Check the lines of the listing below for the word "dancers", and state only how many have it.
[[ Records open ]]
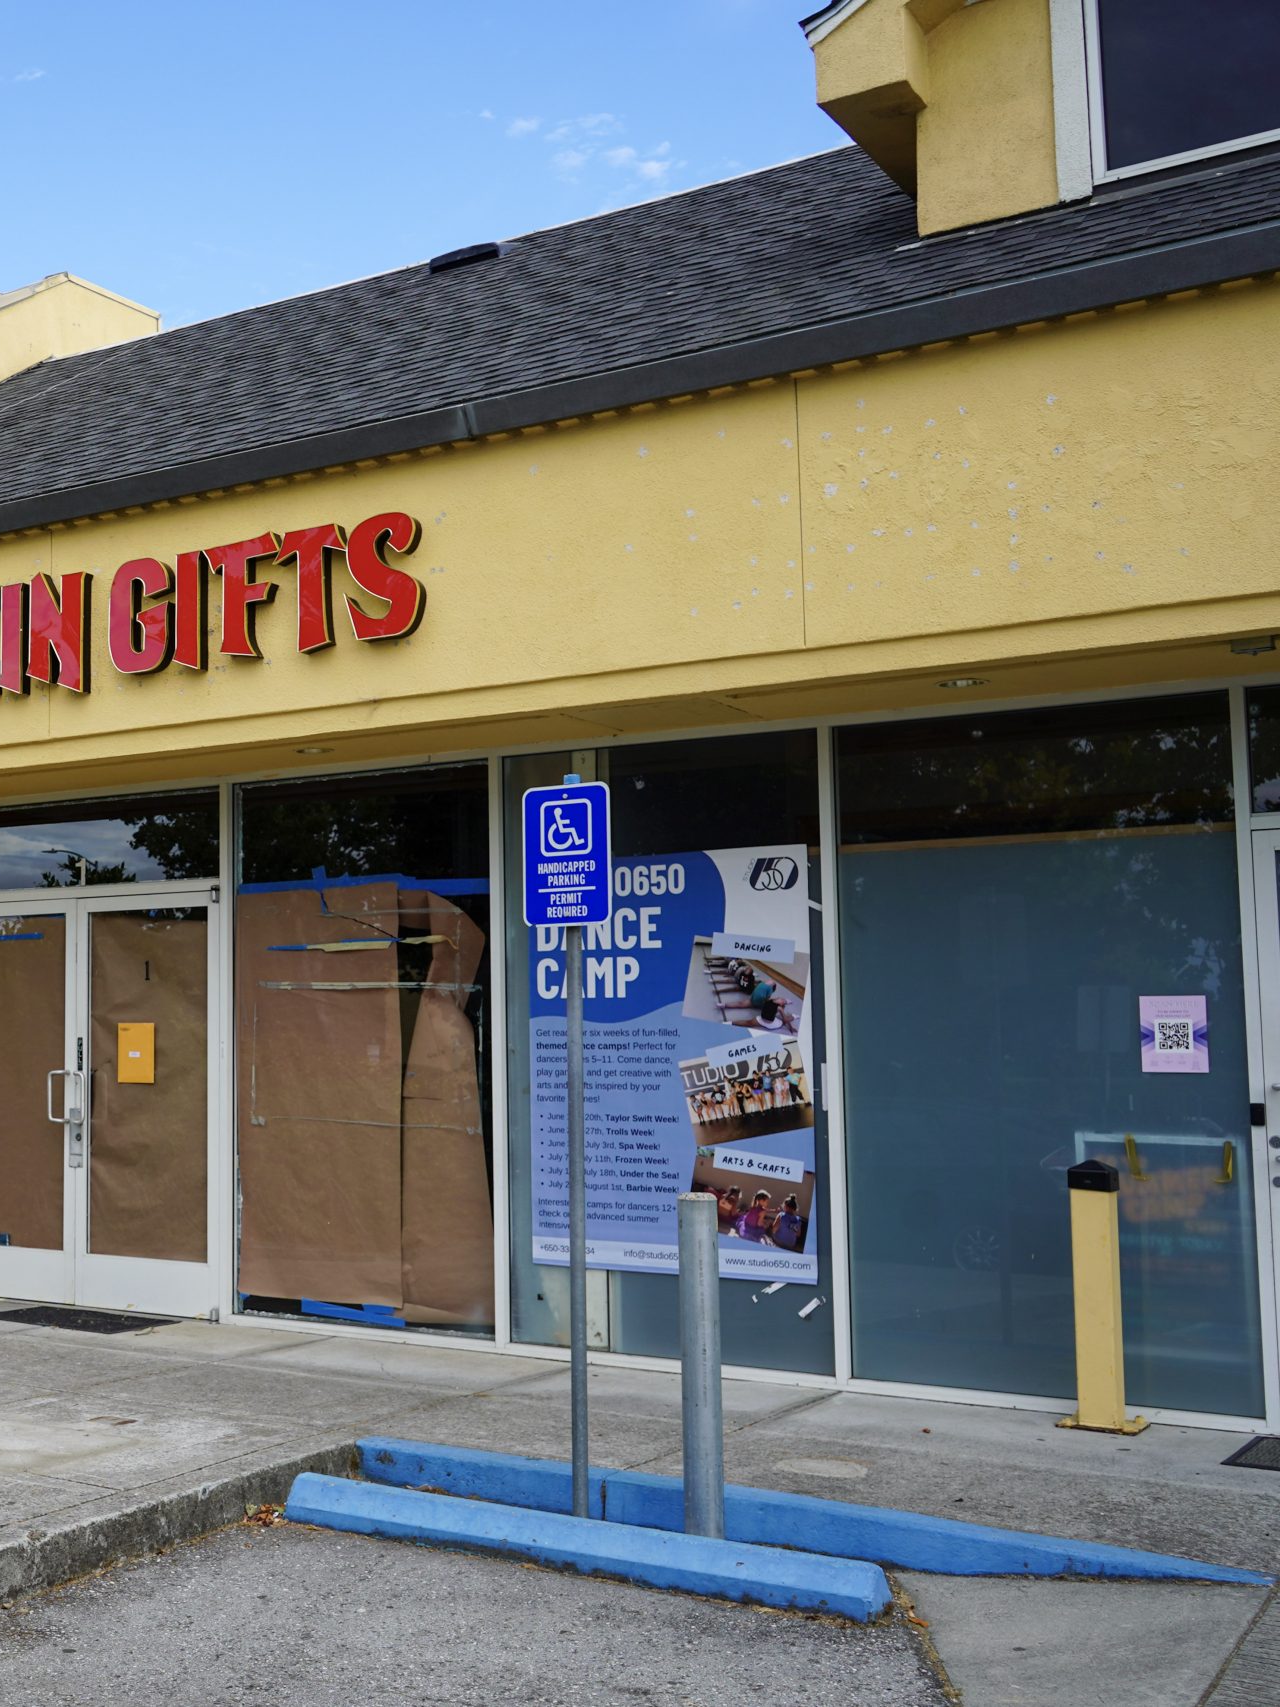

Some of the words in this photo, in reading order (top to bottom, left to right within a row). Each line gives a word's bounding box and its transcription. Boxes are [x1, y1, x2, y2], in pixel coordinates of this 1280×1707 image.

[108, 511, 427, 675] GIFTS
[538, 860, 596, 874] HANDICAPPED
[548, 874, 586, 886] PARKING
[550, 892, 582, 905] PERMIT
[547, 905, 588, 918] REQUIRED
[734, 942, 771, 952] DANCING
[536, 1029, 551, 1037] Get
[590, 1029, 601, 1037] six
[603, 1029, 630, 1037] weeks
[632, 1029, 640, 1037] of
[642, 1028, 681, 1038] fun-filled,
[536, 1042, 567, 1050] themed
[598, 1042, 630, 1052] camps!
[633, 1042, 663, 1050] Perfect
[665, 1042, 676, 1051] for
[728, 1044, 757, 1058] GAMES
[536, 1055, 567, 1063] dancers
[617, 1055, 641, 1064] Come
[644, 1055, 673, 1065] dance,
[536, 1068, 552, 1078] play
[604, 1069, 617, 1079] get
[620, 1069, 652, 1077] creative
[654, 1069, 671, 1078] with
[554, 1081, 568, 1089] and
[595, 1082, 628, 1092] inspired
[630, 1082, 640, 1092] by
[643, 1084, 661, 1092] your
[536, 1094, 565, 1102] favorite
[585, 1113, 604, 1122] 20th,
[606, 1114, 630, 1124] Taylor
[632, 1114, 652, 1123] Swift
[654, 1115, 679, 1123] Week!
[547, 1126, 565, 1134] June
[585, 1127, 604, 1136] 27th,
[606, 1128, 629, 1136] Trolls
[631, 1128, 655, 1136] Week!
[547, 1139, 565, 1148] June
[585, 1140, 600, 1150] July
[619, 1142, 634, 1151] Spa
[635, 1142, 661, 1150] Week!
[547, 1153, 563, 1162] July
[615, 1156, 643, 1164] Frozen
[644, 1157, 669, 1165] Week!
[722, 1156, 744, 1166] ARTS
[747, 1159, 754, 1168] &
[757, 1162, 791, 1175] CRAFTS
[547, 1167, 563, 1176] July
[620, 1170, 644, 1178] Under
[646, 1170, 659, 1178] the
[661, 1172, 680, 1180] Sea!
[548, 1180, 563, 1190] July
[626, 1184, 652, 1192] Barbie
[654, 1185, 680, 1193] Week!
[587, 1202, 613, 1211] camps
[615, 1202, 625, 1210] for
[627, 1202, 660, 1211] dancers
[538, 1209, 561, 1217] check
[587, 1213, 624, 1222] advanced
[627, 1216, 659, 1224] summer
[725, 1258, 811, 1270] www.studio650.com
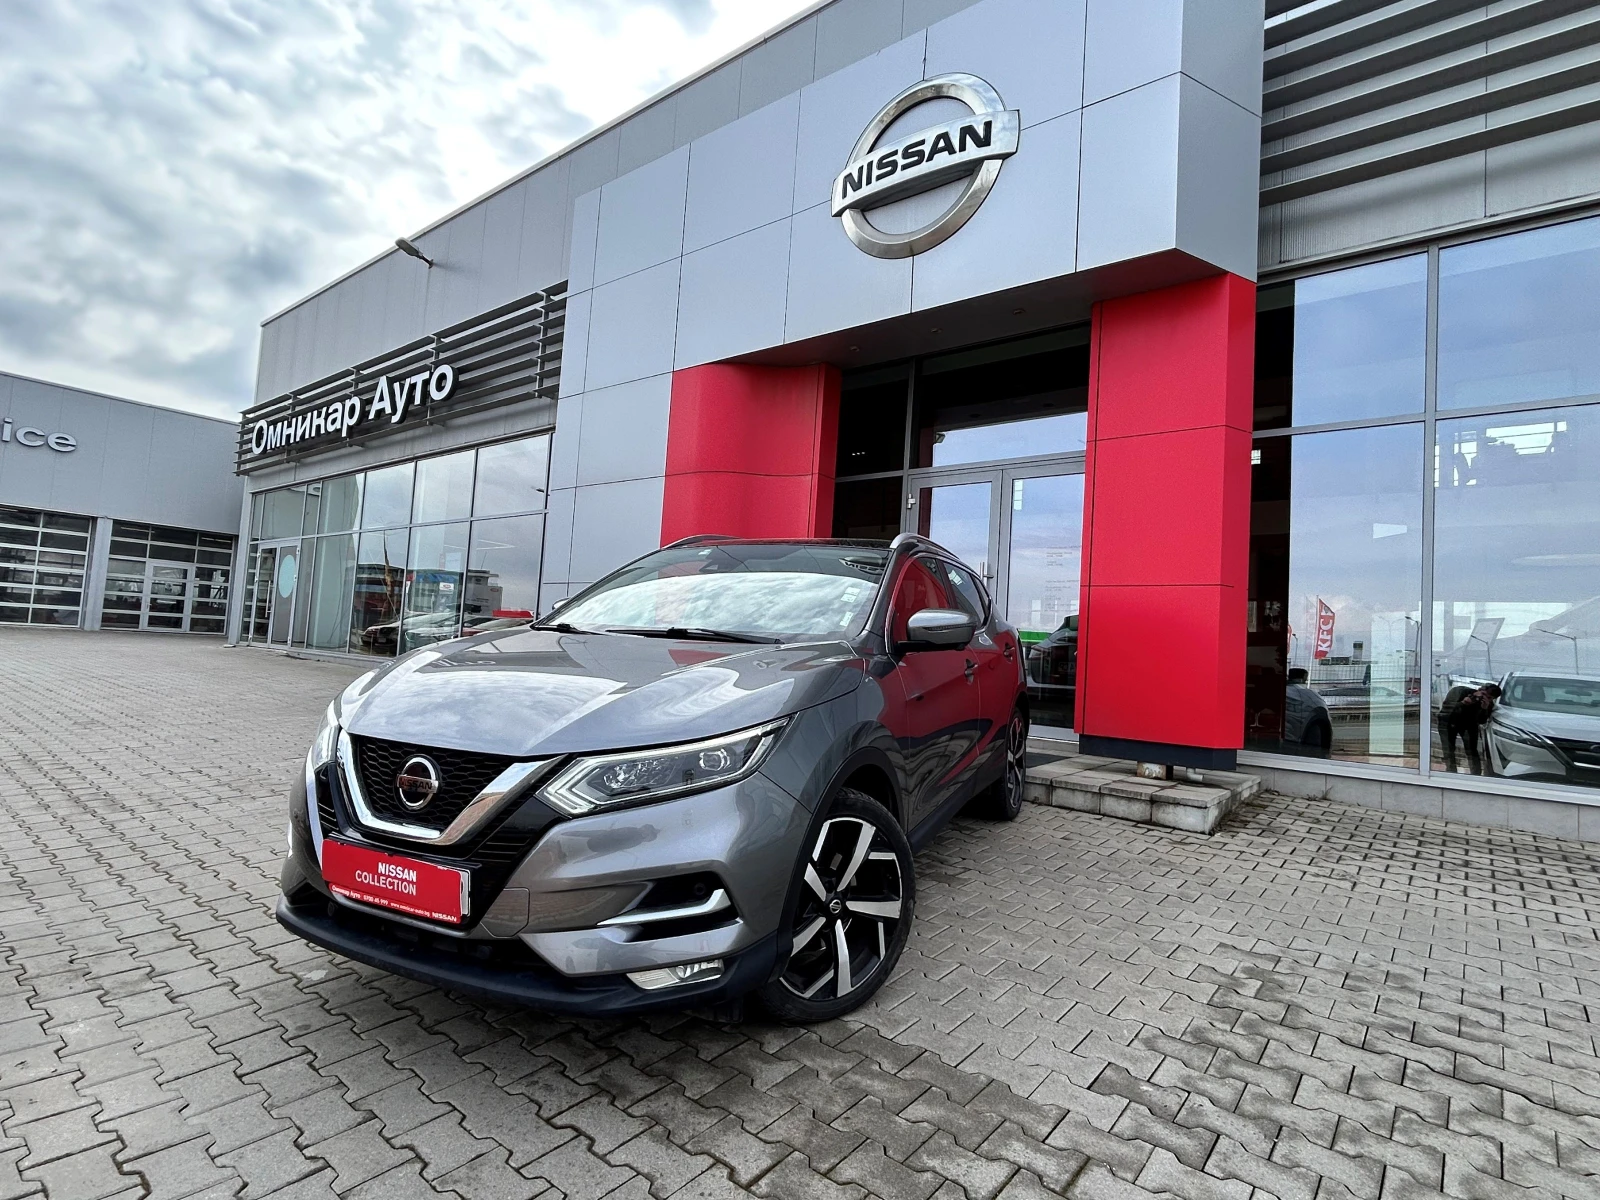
[[ Records closed ]]
[Output below]:
2